YOUR INSTRUCTIONS: Copy word for word the lines in the records below, starting at the line with "this 1333×1500 image." and ending at the line with "this 1600×2000 image.". Skip the pictures.

GIVEN DATA:
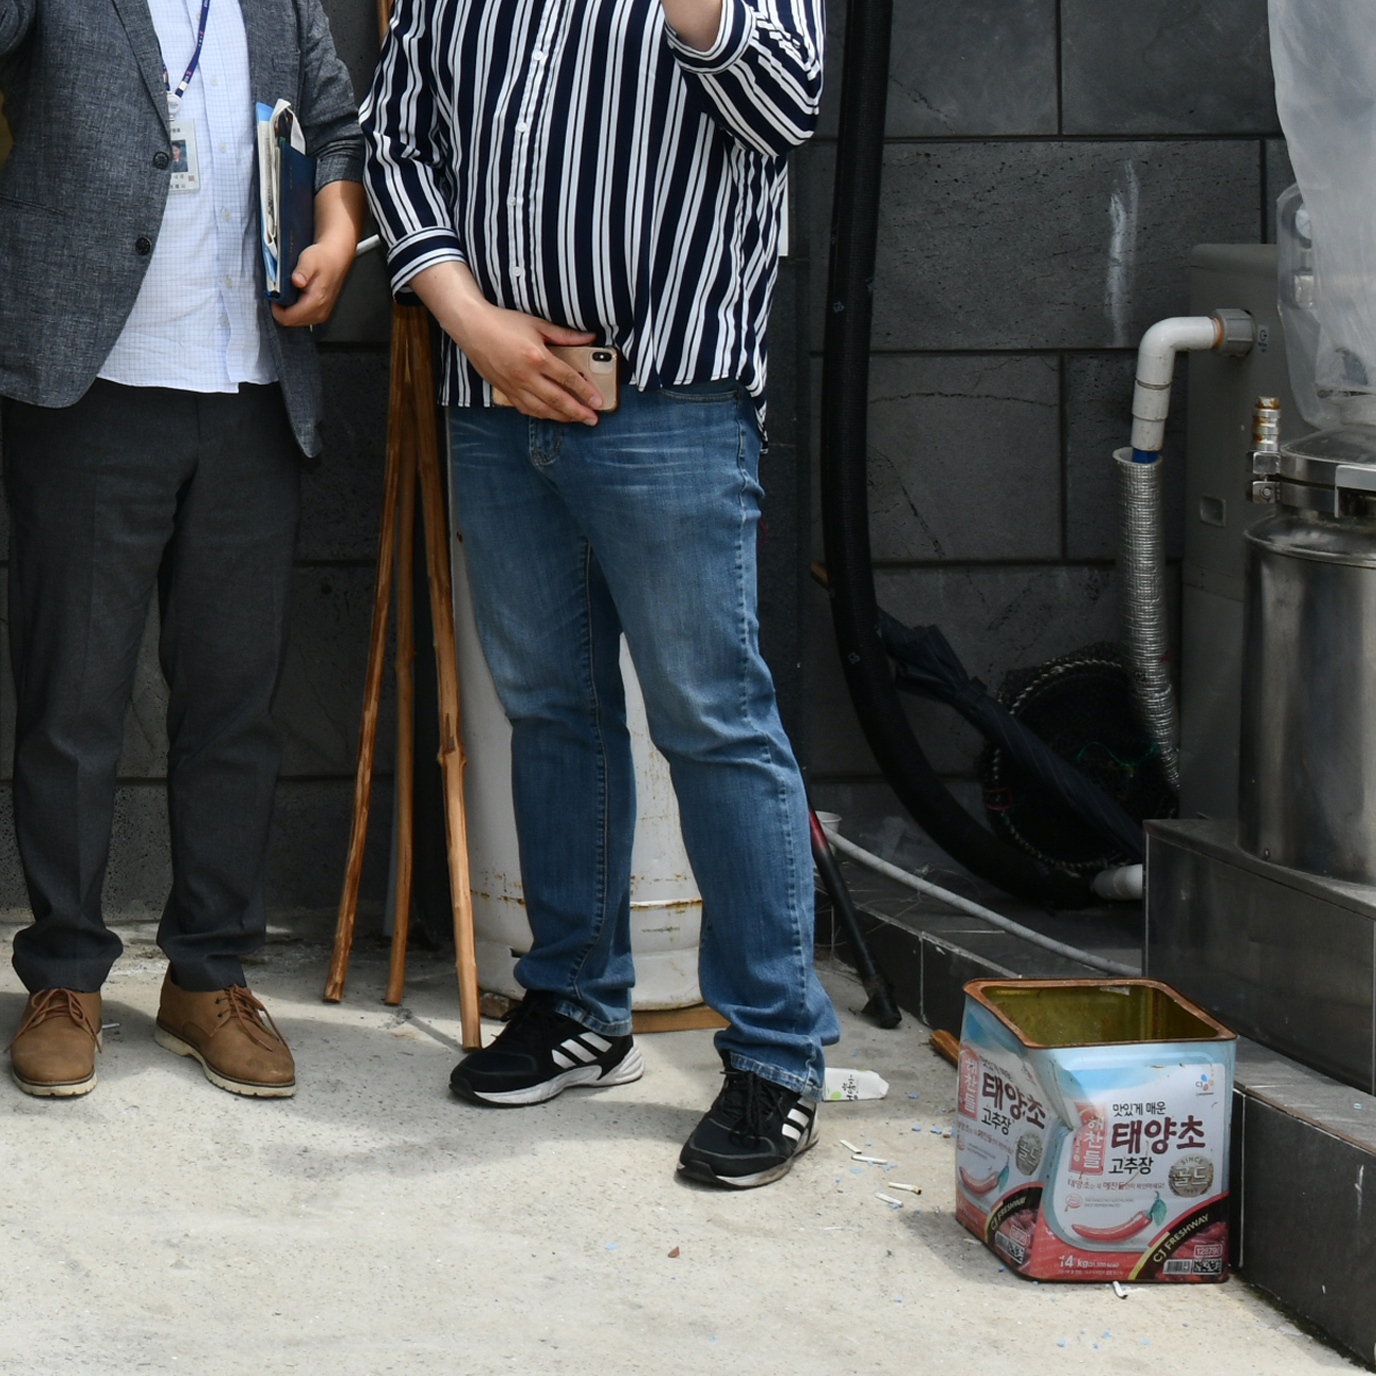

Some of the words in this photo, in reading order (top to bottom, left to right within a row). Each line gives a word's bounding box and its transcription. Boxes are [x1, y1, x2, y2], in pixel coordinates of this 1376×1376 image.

...

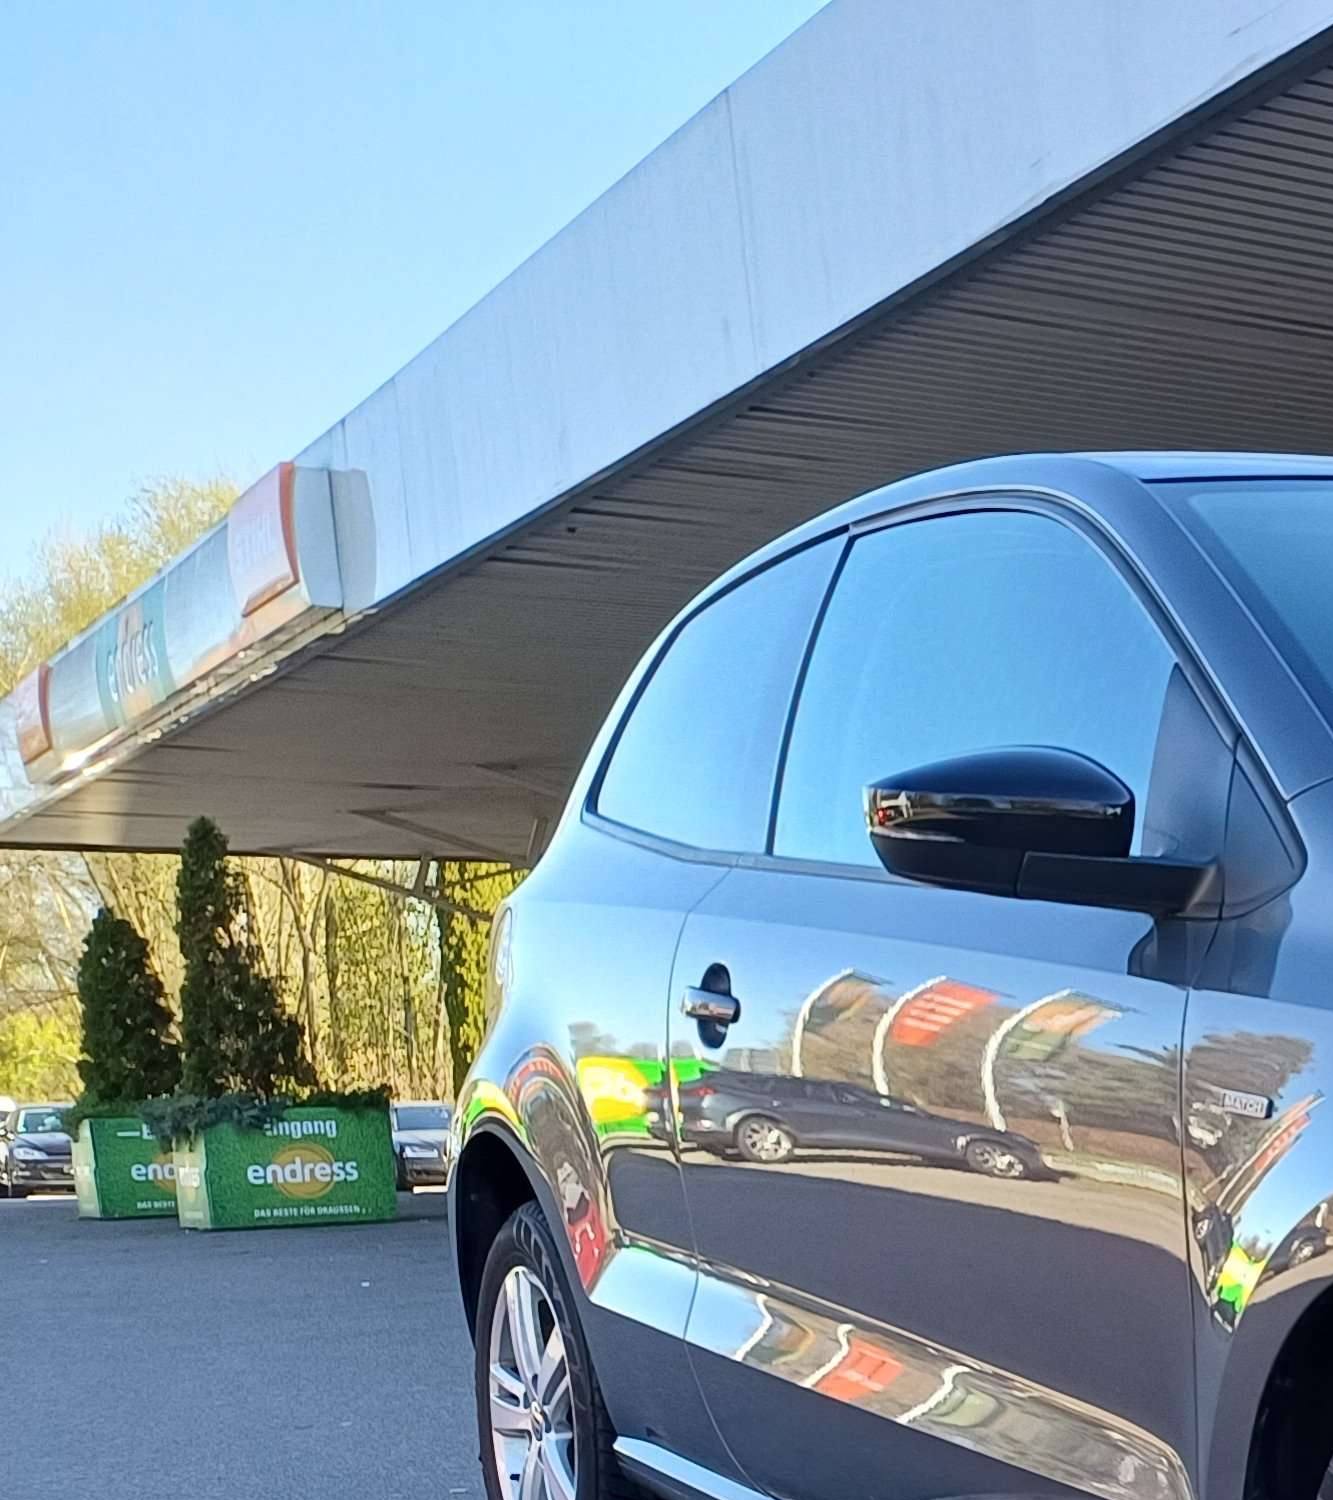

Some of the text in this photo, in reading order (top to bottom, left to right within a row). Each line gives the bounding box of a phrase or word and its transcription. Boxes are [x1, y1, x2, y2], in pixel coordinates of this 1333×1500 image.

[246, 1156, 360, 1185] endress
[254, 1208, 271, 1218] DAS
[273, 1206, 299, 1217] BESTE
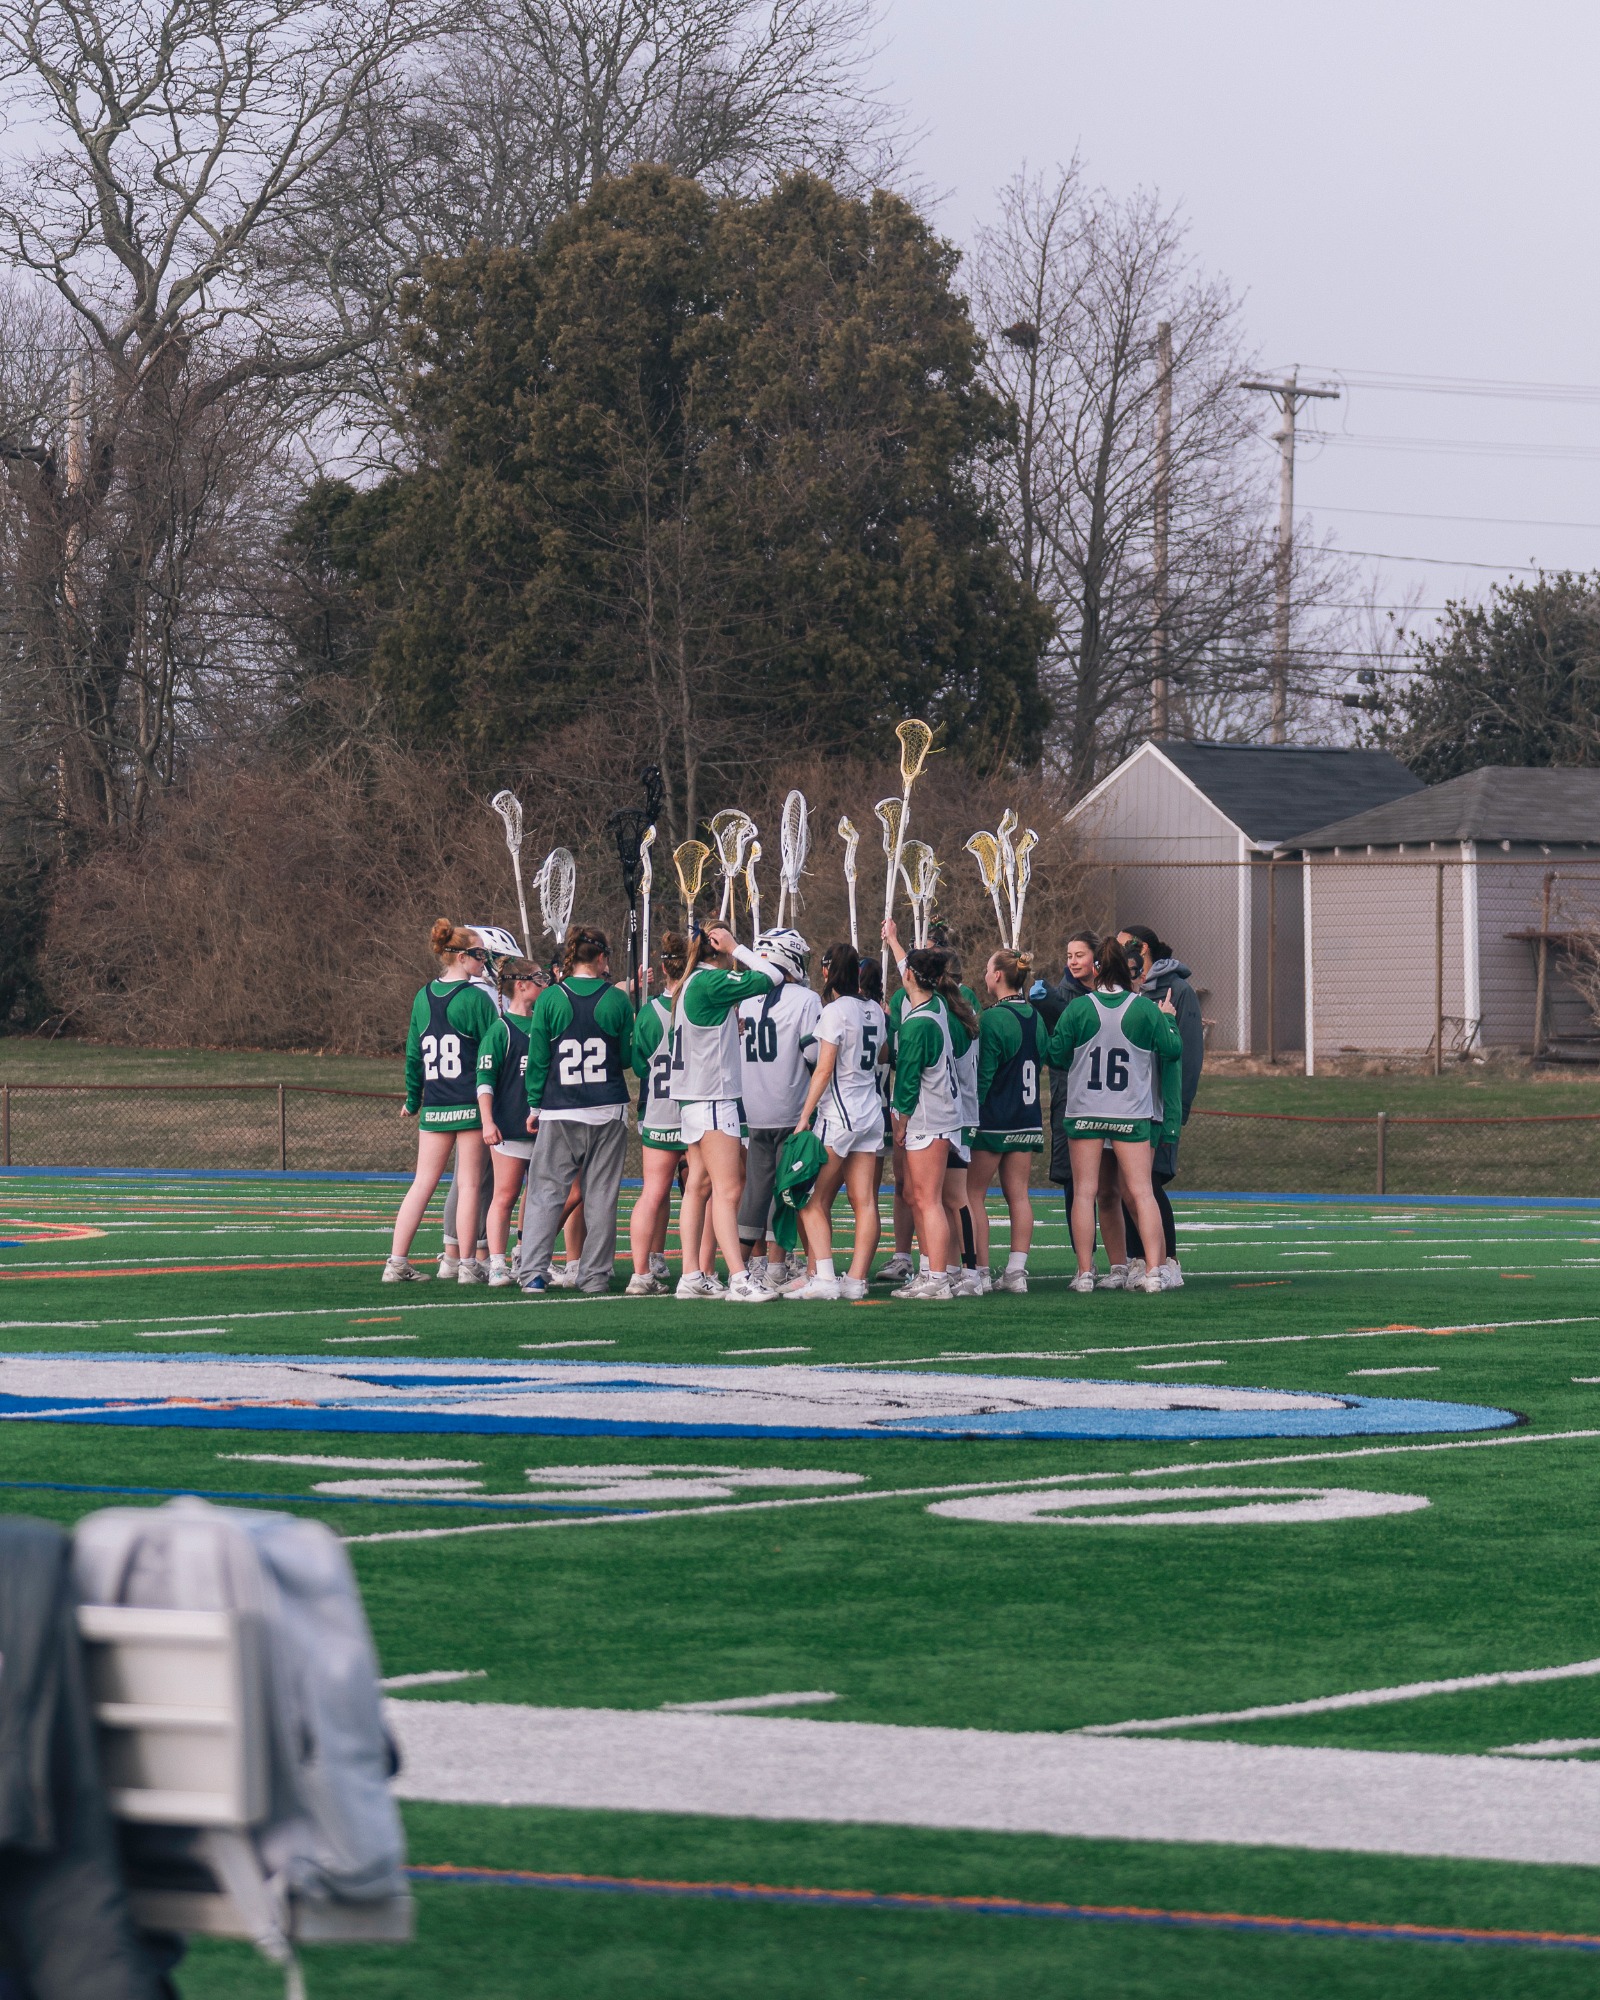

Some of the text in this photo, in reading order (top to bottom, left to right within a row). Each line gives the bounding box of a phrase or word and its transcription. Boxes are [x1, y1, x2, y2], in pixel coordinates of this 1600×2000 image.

FINAL ANSWER:
Some of the text in this photo, in reading order (top to bottom, left to right within a row). Each line gives the bounding box of a phrase or word and its transcription. Boxes are [x1, y1, x2, y2], in pixel coordinates of this 1333×1500 image.

[246, 1156, 360, 1185] endress
[254, 1208, 271, 1218] DAS
[273, 1206, 299, 1217] BESTE

Some of the text in this photo, in reading order (top to bottom, left to right within a row). Each line gives the bounding box of a phrase or word and its transcription. Boxes are [x1, y1, x2, y2], in pixel coordinates of this 1600×2000 image.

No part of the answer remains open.